▶ [WHAT YOU WILL DO] The records that follow are to be printed exactly, with no images.

Saved entries:
□ □ □ □ □

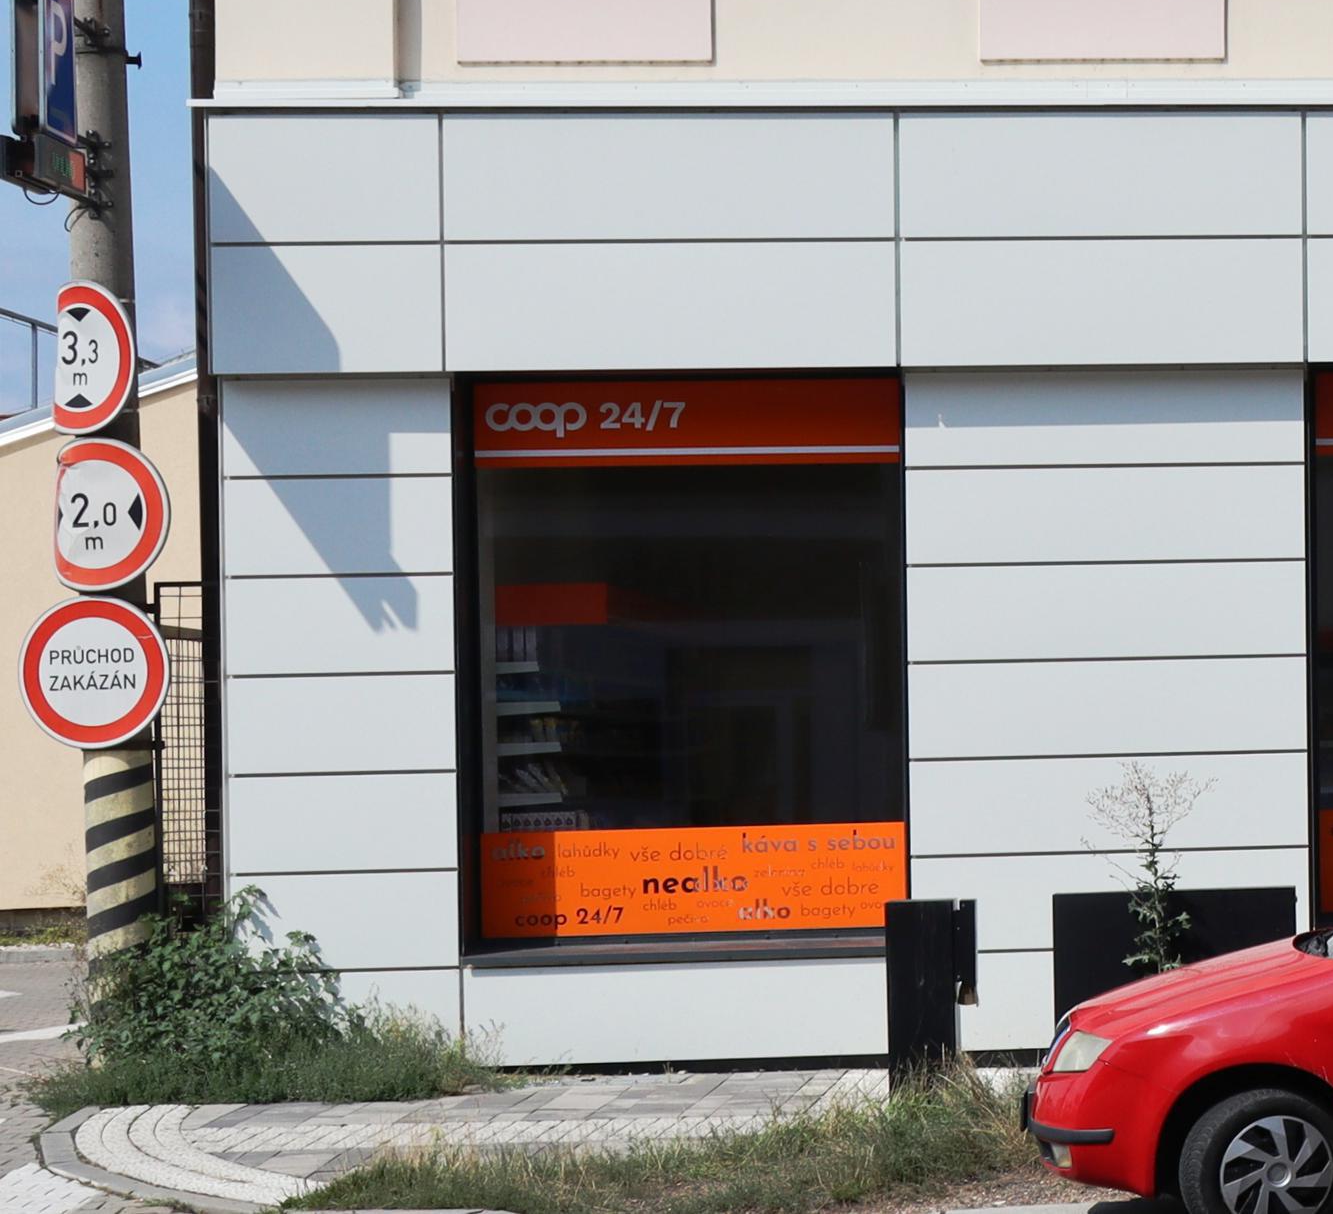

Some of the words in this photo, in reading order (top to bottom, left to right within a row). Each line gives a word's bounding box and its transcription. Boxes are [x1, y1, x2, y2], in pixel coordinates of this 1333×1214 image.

[61, 330, 99, 366] 3,3
[73, 372, 87, 386] m
[485, 402, 587, 437] coop
[600, 400, 686, 431] 24/7
[70, 492, 117, 529] 2,0
[85, 535, 104, 550] m
[49, 645, 134, 665] PRŮCHOD
[49, 670, 136, 691] ZAKÁZÁN
[557, 842, 621, 860] lahůdky
[742, 832, 799, 853] káva
[808, 838, 818, 852] s
[827, 829, 895, 851] sebou
[630, 846, 661, 862] vše
[669, 841, 728, 862] dobré
[643, 865, 749, 894] nealko
[782, 881, 812, 897] vše
[820, 877, 880, 896] dobré
[580, 883, 638, 901] bagety
[800, 903, 857, 920] bagety
[859, 901, 883, 911] ovo
[515, 912, 568, 930] coop
[576, 906, 624, 926] 24/7
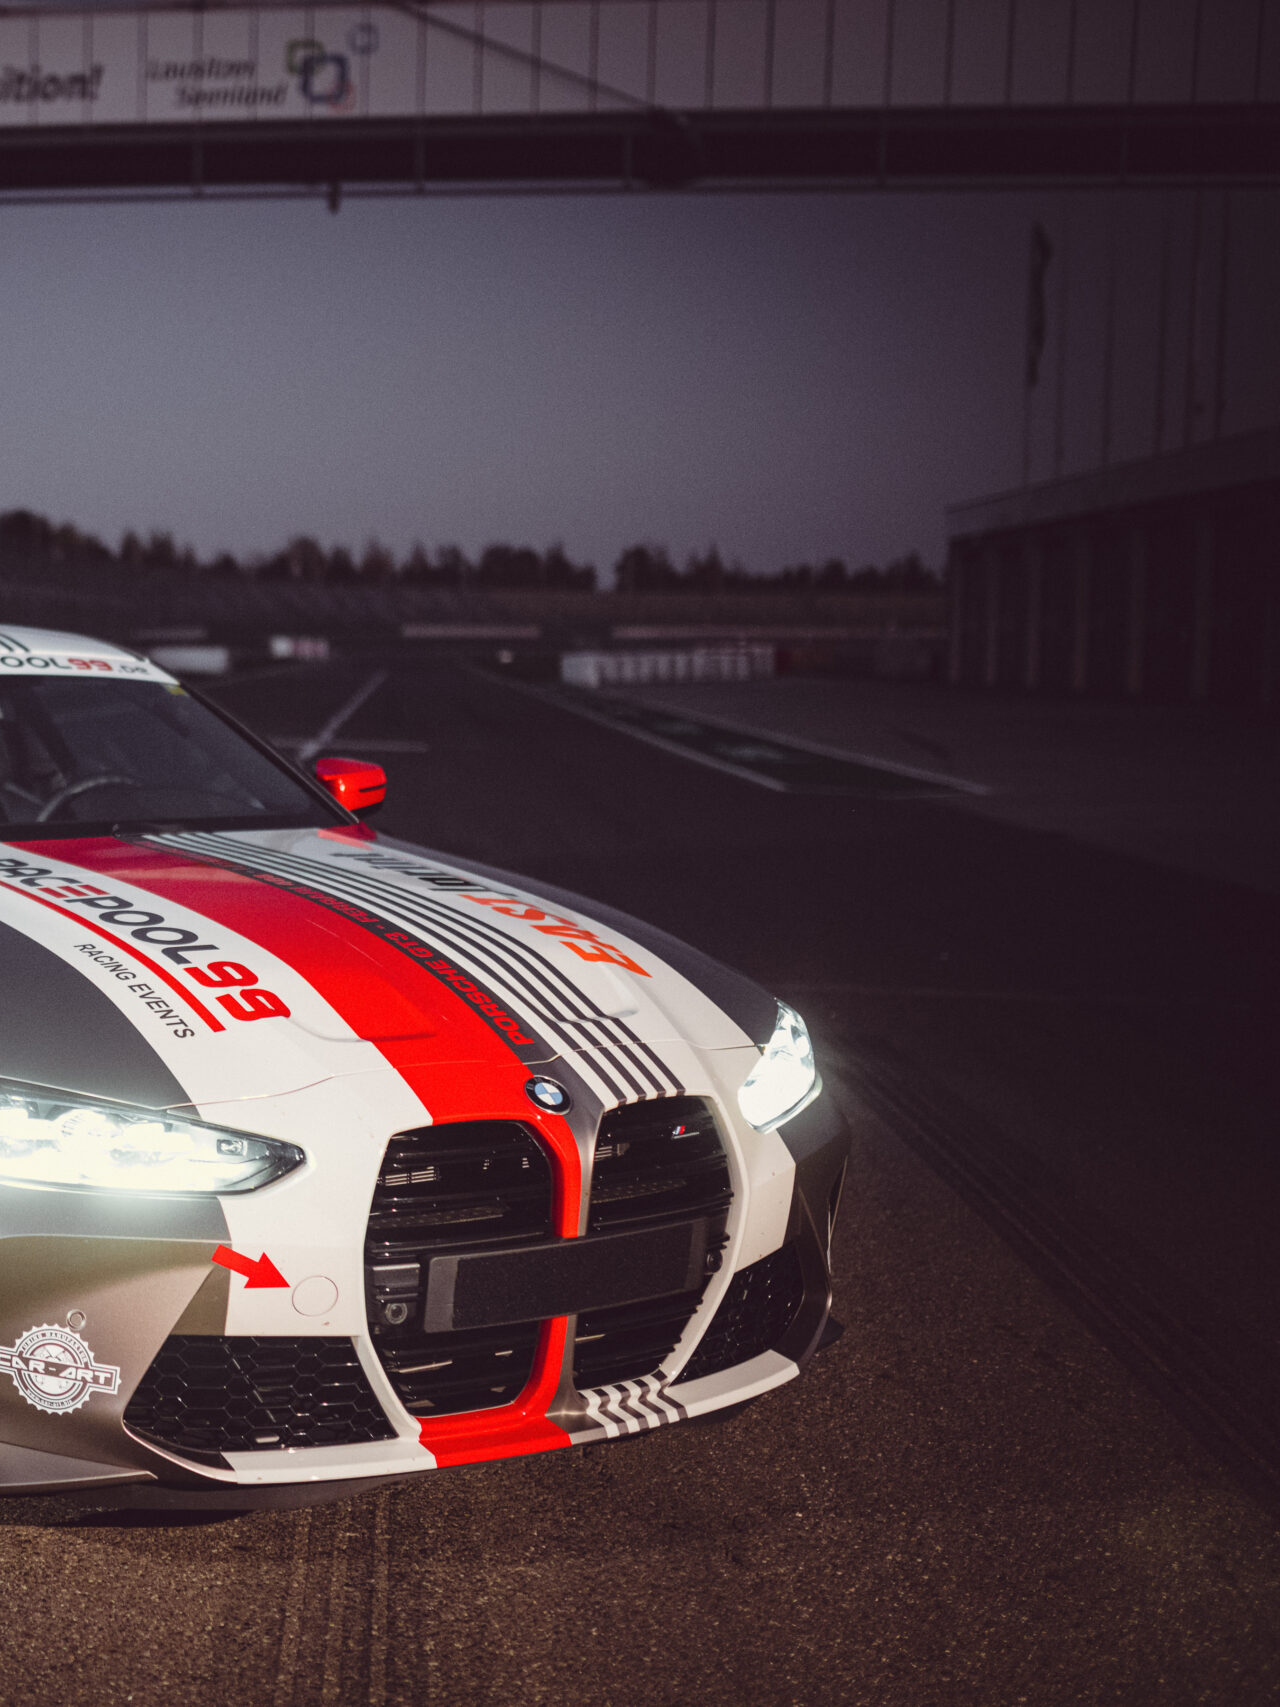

□ □ □ □ □

▶ [ANSWER BELOW]
Some of the words in this photo, in reading order (top to bottom, left to right within a row). Each line gives a word's bounding box and its transcription. Boxes are [x1, y1, x2, y2], in pixel coordinates of this 1333×1214 image.

[61, 330, 99, 366] 3,3
[73, 372, 87, 386] m
[485, 402, 587, 437] coop
[600, 400, 686, 431] 24/7
[70, 492, 117, 529] 2,0
[85, 535, 104, 550] m
[49, 645, 134, 665] PRŮCHOD
[49, 670, 136, 691] ZAKÁZÁN
[557, 842, 621, 860] lahůdky
[742, 832, 799, 853] káva
[808, 838, 818, 852] s
[827, 829, 895, 851] sebou
[630, 846, 661, 862] vše
[669, 841, 728, 862] dobré
[643, 865, 749, 894] nealko
[782, 881, 812, 897] vše
[820, 877, 880, 896] dobré
[580, 883, 638, 901] bagety
[800, 903, 857, 920] bagety
[859, 901, 883, 911] ovo
[515, 912, 568, 930] coop
[576, 906, 624, 926] 24/7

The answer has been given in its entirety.